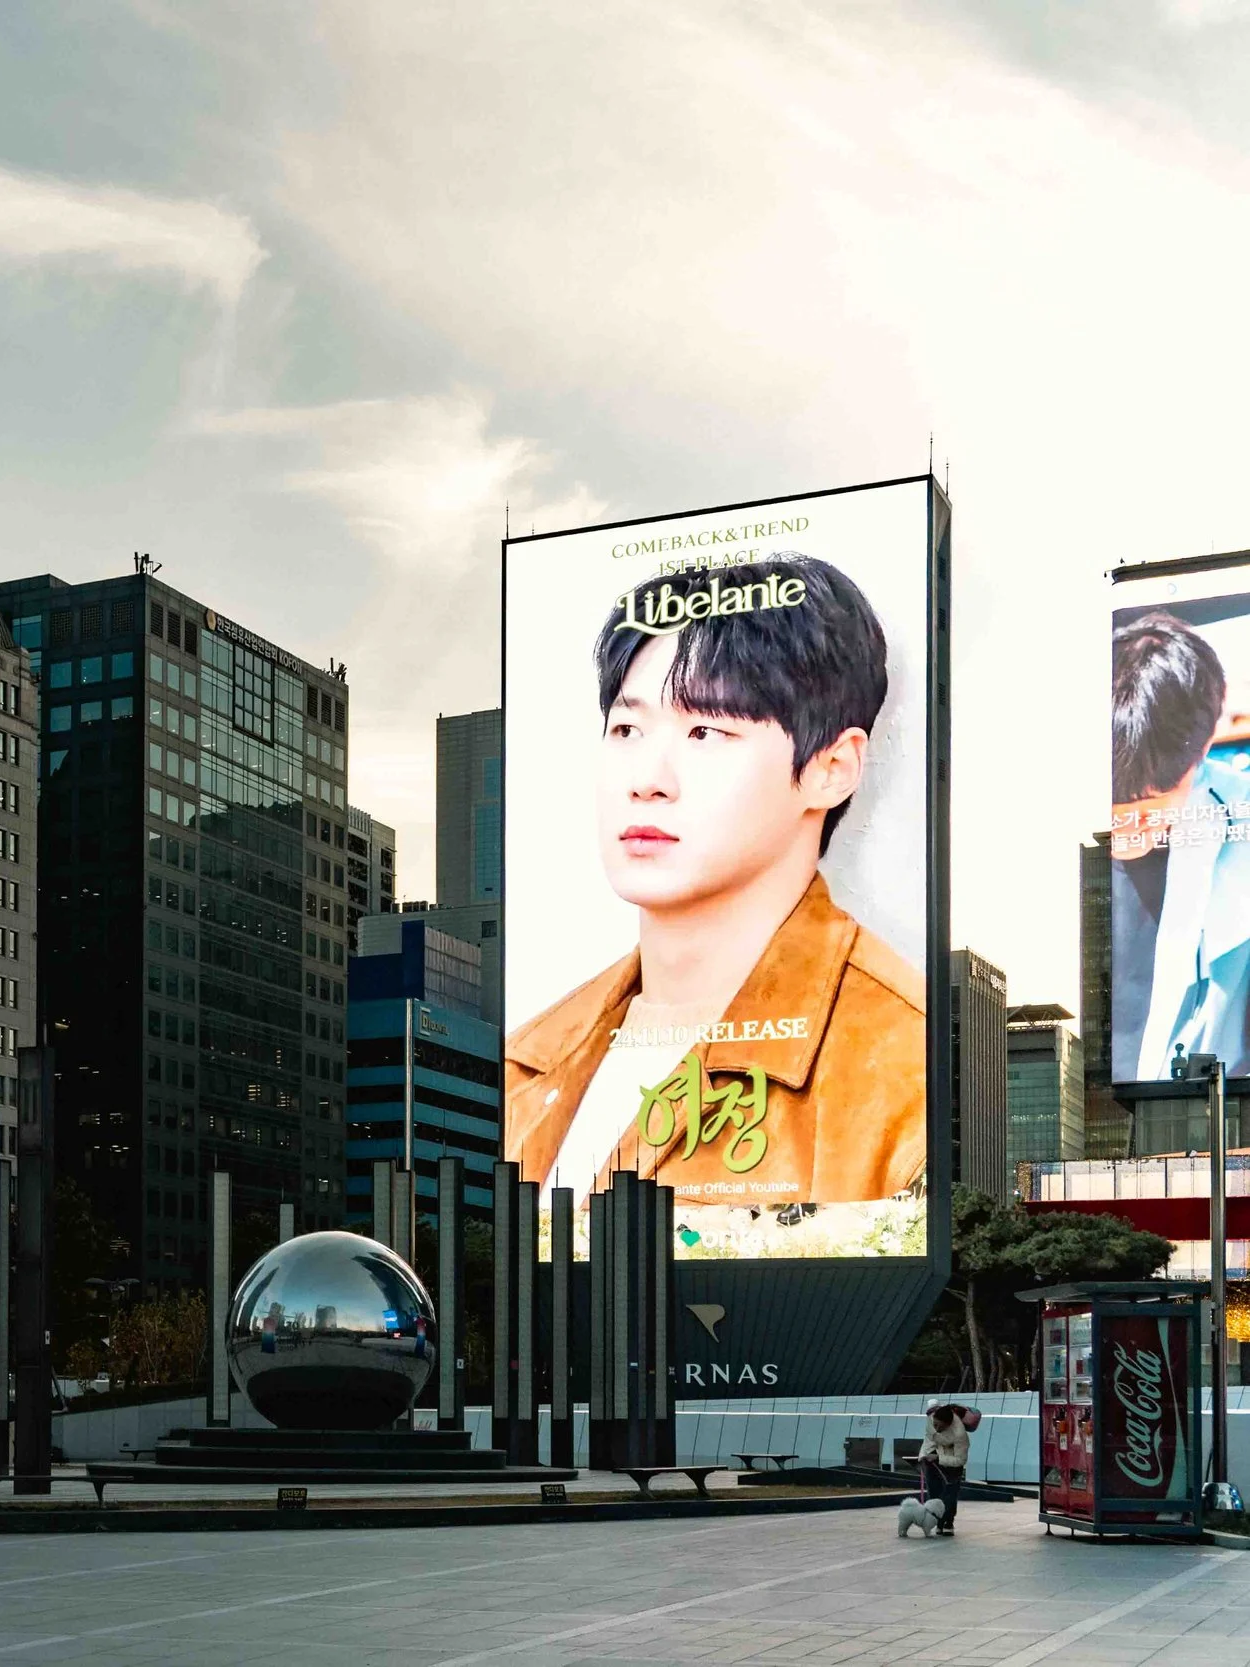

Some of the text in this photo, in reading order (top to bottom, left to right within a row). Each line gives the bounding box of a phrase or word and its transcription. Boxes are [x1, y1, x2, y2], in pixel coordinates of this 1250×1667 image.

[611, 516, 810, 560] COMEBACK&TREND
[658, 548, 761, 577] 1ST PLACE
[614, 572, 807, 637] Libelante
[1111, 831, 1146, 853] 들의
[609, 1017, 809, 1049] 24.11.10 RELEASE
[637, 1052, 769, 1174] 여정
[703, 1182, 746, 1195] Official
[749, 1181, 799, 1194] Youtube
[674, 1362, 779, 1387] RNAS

■ TASK ■
Output every entry verbatim but skip the pictures.

■ RESPONSE TO THE TASK ■
Some of the text in this photo, in reading order (top to bottom, left to right within a row). Each line gives the bounding box of a phrase or word and its transcription. Boxes are [x1, y1, x2, y2], in pixel coordinates of this 1250×1667 image.

[611, 516, 810, 560] COMEBACK&TREND
[658, 548, 761, 577] 1ST PLACE
[614, 572, 807, 637] Libelante
[1111, 831, 1146, 853] 들의
[609, 1017, 809, 1049] 24.11.10 RELEASE
[637, 1052, 769, 1174] 여정
[703, 1182, 746, 1195] Official
[749, 1181, 799, 1194] Youtube
[674, 1362, 779, 1387] RNAS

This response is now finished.